Patrick Kidd, Political Sketch writer in The Times was equally flustered. “One thing is clear, we are confused. Does anyone have the foggiest idea how it is going?” It’s a good question.
The Prime Minster outlined her thoughts on leaving the EU without a deal.
“As I have said and others have said, it would be irresponsible for the British Government not to look across at the changes that would be necessary, regardless of the eventuality, and indeed some of the changes that would be necessary in the event of a no deal would be the same as changes that would be made in relation to us achieving a deal”.

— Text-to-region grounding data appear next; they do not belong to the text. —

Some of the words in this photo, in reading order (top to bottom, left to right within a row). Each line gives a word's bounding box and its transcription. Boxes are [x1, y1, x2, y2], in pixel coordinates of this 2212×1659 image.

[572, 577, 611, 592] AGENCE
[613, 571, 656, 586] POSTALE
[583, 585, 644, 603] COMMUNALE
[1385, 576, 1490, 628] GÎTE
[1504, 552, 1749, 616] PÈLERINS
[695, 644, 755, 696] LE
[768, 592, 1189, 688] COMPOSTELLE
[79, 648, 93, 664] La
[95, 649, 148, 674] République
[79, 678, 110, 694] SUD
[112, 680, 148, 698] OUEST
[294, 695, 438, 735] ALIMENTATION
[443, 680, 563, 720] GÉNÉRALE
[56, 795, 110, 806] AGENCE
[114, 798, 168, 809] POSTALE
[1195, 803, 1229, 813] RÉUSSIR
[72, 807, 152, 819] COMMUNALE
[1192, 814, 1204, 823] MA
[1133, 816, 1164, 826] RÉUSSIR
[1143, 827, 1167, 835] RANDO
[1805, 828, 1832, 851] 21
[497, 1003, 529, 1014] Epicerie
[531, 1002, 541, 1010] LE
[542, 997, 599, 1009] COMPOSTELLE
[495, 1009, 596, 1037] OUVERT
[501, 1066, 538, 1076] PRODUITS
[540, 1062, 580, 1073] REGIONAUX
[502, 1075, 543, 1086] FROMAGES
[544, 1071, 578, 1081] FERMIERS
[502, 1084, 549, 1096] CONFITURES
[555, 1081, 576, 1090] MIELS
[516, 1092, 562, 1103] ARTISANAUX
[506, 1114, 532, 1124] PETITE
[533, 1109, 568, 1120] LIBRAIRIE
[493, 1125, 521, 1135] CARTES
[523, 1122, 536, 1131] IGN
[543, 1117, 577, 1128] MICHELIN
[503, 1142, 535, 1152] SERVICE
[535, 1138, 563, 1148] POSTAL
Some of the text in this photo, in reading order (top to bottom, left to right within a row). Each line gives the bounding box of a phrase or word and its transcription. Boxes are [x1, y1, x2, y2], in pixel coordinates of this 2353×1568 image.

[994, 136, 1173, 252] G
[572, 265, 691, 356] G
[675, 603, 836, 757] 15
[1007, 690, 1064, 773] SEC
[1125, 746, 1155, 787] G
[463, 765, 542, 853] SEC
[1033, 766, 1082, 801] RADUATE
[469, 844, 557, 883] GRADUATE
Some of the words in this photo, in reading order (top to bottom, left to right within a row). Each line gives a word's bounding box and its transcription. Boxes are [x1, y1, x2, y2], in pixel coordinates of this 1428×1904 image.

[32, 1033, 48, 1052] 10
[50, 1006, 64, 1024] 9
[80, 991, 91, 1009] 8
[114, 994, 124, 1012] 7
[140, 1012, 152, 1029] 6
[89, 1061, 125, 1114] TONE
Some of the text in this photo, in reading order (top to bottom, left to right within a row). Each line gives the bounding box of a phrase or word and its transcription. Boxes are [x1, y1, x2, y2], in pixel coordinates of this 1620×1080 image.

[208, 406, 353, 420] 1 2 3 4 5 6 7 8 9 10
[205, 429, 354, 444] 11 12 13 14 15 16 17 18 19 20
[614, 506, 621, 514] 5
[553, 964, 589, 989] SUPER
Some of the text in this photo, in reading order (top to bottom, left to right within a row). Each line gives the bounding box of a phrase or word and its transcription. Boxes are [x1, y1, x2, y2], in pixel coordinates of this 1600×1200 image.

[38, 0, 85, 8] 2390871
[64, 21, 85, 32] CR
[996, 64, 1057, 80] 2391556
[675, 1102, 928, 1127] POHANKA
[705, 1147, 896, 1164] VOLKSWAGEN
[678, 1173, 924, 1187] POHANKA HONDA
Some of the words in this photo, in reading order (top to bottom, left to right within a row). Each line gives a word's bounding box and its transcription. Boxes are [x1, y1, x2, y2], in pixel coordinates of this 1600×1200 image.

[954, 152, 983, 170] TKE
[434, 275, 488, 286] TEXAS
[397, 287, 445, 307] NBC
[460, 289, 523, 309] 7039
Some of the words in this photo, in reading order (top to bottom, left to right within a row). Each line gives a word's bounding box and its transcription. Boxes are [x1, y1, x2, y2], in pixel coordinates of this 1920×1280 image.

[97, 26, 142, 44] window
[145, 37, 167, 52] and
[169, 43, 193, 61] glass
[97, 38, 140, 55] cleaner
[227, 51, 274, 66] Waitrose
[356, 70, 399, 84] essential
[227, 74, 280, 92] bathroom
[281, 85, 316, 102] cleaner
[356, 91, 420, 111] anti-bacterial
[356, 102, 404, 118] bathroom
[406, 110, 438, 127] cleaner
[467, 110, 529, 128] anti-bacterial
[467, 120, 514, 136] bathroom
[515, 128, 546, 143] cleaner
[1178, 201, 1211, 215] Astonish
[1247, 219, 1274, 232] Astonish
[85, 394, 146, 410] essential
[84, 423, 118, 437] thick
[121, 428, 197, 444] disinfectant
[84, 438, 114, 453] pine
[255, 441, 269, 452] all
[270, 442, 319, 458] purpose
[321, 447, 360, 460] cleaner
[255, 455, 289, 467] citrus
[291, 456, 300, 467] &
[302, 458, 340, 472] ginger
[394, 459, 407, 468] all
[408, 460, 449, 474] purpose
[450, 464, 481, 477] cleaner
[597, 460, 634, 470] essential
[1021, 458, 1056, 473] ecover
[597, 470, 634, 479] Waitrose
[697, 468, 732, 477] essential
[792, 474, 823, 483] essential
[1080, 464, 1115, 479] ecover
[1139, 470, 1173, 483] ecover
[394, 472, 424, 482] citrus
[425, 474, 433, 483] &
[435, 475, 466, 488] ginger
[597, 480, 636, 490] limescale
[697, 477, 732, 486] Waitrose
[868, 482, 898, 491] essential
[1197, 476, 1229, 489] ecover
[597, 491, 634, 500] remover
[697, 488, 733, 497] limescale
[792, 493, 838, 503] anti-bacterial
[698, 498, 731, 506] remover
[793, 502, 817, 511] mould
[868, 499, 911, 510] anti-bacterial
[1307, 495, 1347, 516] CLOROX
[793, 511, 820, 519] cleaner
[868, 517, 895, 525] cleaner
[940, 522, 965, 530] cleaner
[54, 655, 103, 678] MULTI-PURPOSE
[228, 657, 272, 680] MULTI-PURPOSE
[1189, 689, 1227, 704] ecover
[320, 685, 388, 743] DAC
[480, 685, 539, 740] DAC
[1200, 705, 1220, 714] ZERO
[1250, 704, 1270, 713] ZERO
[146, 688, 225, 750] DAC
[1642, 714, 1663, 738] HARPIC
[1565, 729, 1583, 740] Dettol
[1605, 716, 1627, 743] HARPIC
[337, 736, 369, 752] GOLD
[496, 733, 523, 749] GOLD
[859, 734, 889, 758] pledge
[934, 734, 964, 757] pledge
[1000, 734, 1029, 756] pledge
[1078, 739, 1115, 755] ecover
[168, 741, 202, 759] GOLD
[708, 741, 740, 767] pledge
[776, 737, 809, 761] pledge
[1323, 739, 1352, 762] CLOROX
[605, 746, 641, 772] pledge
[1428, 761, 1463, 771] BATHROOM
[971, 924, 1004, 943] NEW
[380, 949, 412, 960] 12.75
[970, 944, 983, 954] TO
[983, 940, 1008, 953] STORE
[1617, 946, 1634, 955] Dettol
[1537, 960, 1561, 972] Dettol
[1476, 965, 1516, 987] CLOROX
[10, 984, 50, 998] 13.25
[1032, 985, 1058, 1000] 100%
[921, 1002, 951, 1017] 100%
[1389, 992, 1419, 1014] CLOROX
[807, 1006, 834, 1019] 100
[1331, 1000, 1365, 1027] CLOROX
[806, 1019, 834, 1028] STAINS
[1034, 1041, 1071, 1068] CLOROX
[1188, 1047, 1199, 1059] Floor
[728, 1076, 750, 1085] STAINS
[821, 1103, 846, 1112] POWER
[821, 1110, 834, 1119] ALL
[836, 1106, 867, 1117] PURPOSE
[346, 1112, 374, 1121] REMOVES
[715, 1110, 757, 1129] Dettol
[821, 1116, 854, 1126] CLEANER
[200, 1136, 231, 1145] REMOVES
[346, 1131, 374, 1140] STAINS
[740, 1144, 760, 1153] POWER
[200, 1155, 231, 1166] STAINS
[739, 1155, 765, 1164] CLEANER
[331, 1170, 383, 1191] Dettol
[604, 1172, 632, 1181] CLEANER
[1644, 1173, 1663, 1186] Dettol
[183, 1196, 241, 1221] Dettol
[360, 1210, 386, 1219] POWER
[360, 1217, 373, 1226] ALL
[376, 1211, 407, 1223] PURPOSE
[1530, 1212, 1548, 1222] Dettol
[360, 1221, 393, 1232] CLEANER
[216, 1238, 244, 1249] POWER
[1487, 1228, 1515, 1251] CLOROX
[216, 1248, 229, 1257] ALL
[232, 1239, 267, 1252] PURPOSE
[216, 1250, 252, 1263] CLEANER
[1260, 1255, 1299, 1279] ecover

In the Commons two weeks ago, when asked if new EU laws would apply in Britain during the transition period, the Prime Minister was equally clear:
“Given the way things operate, it is highly unlikely that anything brought forward during that period that has not already started discussions through the European Union to which we are being party of until we leave and on which we would have been able to say whether they would be a rule that we would sign up to or a rule that we would not wish to sign up to”.
Mmmm. [Verbatim quotes from Michael Deacon]. Confused? You should be.
Should we worry? Well Yes. Mrs May has emphasised we will all still be friends after the divorce in 2019. The PM wants a “strong and successful EU working alongside a confident outward looking Britain”. A truly global Britain in which Liam Fox will resurrect the 16th Century Board of Trade and Chris Grayling will have us grow more food in his “Back to the Allotment Dig for Victory” appeal. We will join NAFTA, The TPP and the Melbourne Chamber of Commerce. It’s going to be great, making Great Britain Great Again!
According to a poll by BMG research this week, 76% think the negotiations are going badly. 12% think they are going well. Slightly down on the 15% who thought may delivered a great speech at conference this month. Ah the resilience of the British people and the Tory hard right.
Theresa May was left talking to the plants this week, the real talks were underway in the “Big room” next door. The EU offered a concession. They may be prepared to move to the next phase of talks as early as December, as long as Boris Johnson doesn’t make the trip to Brussels.
Meanwhile Lloyd Blankfein head of Goldman Sachs tweeted this week “He looks forward to spending more time in Frankfurt”. May should take a leaf from Prince Charles’ greenhouse, he didn’t just talk to the plants, he would instruct them! Maybe then we might see real progress!